Copy every record word for word.

Stored data entries
▼
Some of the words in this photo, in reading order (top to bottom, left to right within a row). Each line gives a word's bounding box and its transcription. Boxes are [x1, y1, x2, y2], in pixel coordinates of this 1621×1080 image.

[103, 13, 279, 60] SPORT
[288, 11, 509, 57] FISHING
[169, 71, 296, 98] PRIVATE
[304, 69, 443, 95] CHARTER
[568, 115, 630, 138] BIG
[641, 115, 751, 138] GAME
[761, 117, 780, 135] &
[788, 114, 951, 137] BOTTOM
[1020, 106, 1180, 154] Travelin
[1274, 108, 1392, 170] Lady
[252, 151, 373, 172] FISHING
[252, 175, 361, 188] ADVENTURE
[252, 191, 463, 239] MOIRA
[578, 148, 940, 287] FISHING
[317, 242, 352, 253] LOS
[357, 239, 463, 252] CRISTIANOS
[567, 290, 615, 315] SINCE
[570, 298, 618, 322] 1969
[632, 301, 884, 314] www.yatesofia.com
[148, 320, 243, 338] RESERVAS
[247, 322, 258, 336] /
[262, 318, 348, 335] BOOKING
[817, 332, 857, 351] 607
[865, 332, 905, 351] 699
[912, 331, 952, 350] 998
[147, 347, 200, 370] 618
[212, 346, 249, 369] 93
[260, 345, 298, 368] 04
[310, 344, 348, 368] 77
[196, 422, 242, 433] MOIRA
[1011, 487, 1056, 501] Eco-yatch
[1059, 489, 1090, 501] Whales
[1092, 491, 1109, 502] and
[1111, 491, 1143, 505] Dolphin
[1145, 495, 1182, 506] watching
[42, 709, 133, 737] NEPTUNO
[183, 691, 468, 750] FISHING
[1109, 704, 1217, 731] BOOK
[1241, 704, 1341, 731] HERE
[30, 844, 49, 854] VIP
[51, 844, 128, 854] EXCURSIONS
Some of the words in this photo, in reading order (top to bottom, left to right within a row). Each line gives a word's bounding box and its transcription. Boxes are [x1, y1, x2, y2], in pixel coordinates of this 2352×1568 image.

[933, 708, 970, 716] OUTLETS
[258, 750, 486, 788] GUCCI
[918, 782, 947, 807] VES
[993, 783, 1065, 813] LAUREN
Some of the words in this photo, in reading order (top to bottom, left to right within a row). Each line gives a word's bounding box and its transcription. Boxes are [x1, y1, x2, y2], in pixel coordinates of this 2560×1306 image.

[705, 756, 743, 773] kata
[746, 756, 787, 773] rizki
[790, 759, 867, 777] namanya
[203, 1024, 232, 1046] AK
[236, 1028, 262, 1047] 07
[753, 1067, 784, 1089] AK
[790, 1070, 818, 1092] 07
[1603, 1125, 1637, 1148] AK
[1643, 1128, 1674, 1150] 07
▲
* **TASK SOLUTION**:
Some of the words in this photo, in reading order (top to bottom, left to right within a row). Each line gives a word's bounding box and its transcription. Boxes are [x1, y1, x2, y2], in pixel coordinates of this 1621×1080 image.

[103, 13, 279, 60] SPORT
[288, 11, 509, 57] FISHING
[169, 71, 296, 98] PRIVATE
[304, 69, 443, 95] CHARTER
[568, 115, 630, 138] BIG
[641, 115, 751, 138] GAME
[761, 117, 780, 135] &
[788, 114, 951, 137] BOTTOM
[1020, 106, 1180, 154] Travelin
[1274, 108, 1392, 170] Lady
[252, 151, 373, 172] FISHING
[252, 175, 361, 188] ADVENTURE
[252, 191, 463, 239] MOIRA
[578, 148, 940, 287] FISHING
[317, 242, 352, 253] LOS
[357, 239, 463, 252] CRISTIANOS
[567, 290, 615, 315] SINCE
[570, 298, 618, 322] 1969
[632, 301, 884, 314] www.yatesofia.com
[148, 320, 243, 338] RESERVAS
[247, 322, 258, 336] /
[262, 318, 348, 335] BOOKING
[817, 332, 857, 351] 607
[865, 332, 905, 351] 699
[912, 331, 952, 350] 998
[147, 347, 200, 370] 618
[212, 346, 249, 369] 93
[260, 345, 298, 368] 04
[310, 344, 348, 368] 77
[196, 422, 242, 433] MOIRA
[1011, 487, 1056, 501] Eco-yatch
[1059, 489, 1090, 501] Whales
[1092, 491, 1109, 502] and
[1111, 491, 1143, 505] Dolphin
[1145, 495, 1182, 506] watching
[42, 709, 133, 737] NEPTUNO
[183, 691, 468, 750] FISHING
[1109, 704, 1217, 731] BOOK
[1241, 704, 1341, 731] HERE
[30, 844, 49, 854] VIP
[51, 844, 128, 854] EXCURSIONS
Some of the words in this photo, in reading order (top to bottom, left to right within a row). Each line gives a word's bounding box and its transcription. Boxes are [x1, y1, x2, y2], in pixel coordinates of this 2352×1568 image.

[933, 708, 970, 716] OUTLETS
[258, 750, 486, 788] GUCCI
[918, 782, 947, 807] VES
[993, 783, 1065, 813] LAUREN
Some of the words in this photo, in reading order (top to bottom, left to right within a row). Each line gives a word's bounding box and its transcription. Boxes are [x1, y1, x2, y2], in pixel coordinates of this 2560×1306 image.

[705, 756, 743, 773] kata
[746, 756, 787, 773] rizki
[790, 759, 867, 777] namanya
[203, 1024, 232, 1046] AK
[236, 1028, 262, 1047] 07
[753, 1067, 784, 1089] AK
[790, 1070, 818, 1092] 07
[1603, 1125, 1637, 1148] AK
[1643, 1128, 1674, 1150] 07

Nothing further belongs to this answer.